[SUPPLIED MATERIAL]

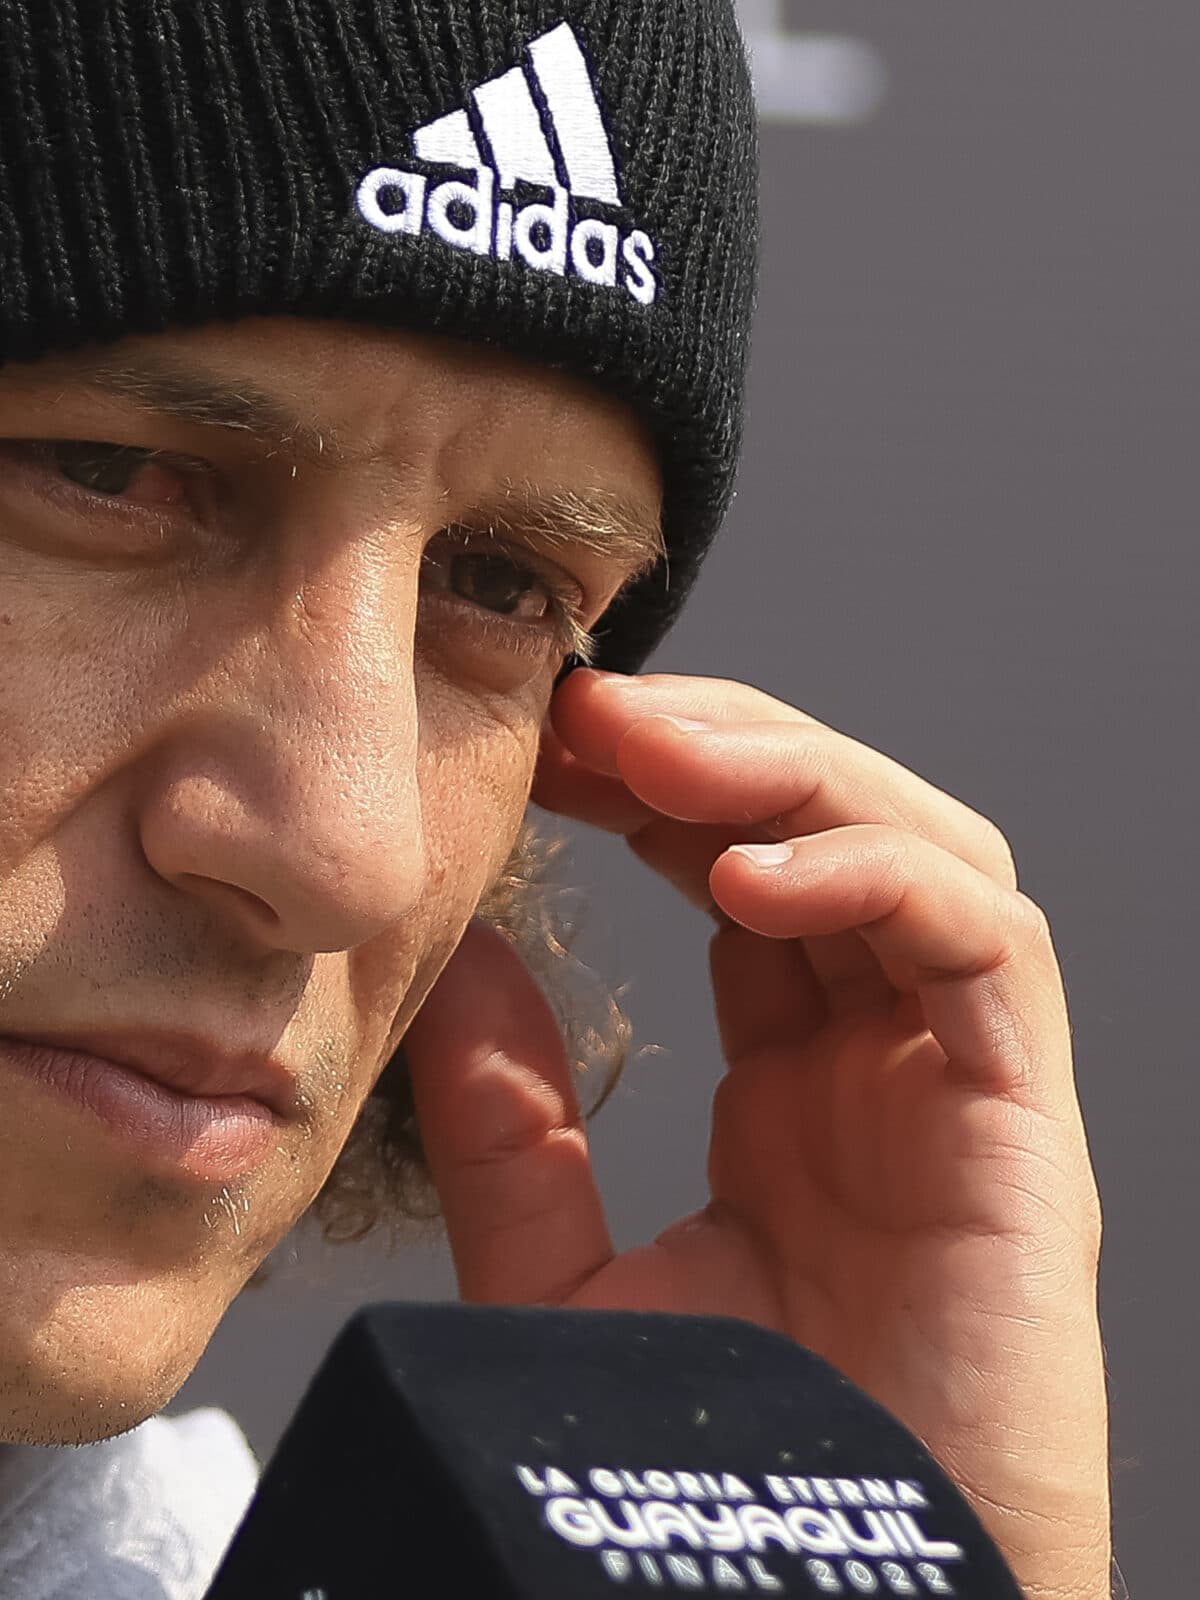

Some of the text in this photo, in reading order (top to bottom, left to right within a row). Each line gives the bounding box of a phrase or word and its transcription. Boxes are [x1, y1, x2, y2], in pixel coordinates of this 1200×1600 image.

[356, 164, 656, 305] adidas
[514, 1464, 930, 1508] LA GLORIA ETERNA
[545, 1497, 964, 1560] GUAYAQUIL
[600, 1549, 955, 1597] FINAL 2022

[/SUPPLIED MATERIAL]

Return all of the material above unchanged, minus its pictures.

Some of the text in this photo, in reading order (top to bottom, left to right within a row). Each line gives the bounding box of a phrase or word and its transcription. Boxes are [x1, y1, x2, y2], in pixel coordinates of this 1200×1600 image.

[356, 164, 656, 305] adidas
[514, 1464, 930, 1508] LA GLORIA ETERNA
[545, 1497, 964, 1560] GUAYAQUIL
[600, 1549, 955, 1597] FINAL 2022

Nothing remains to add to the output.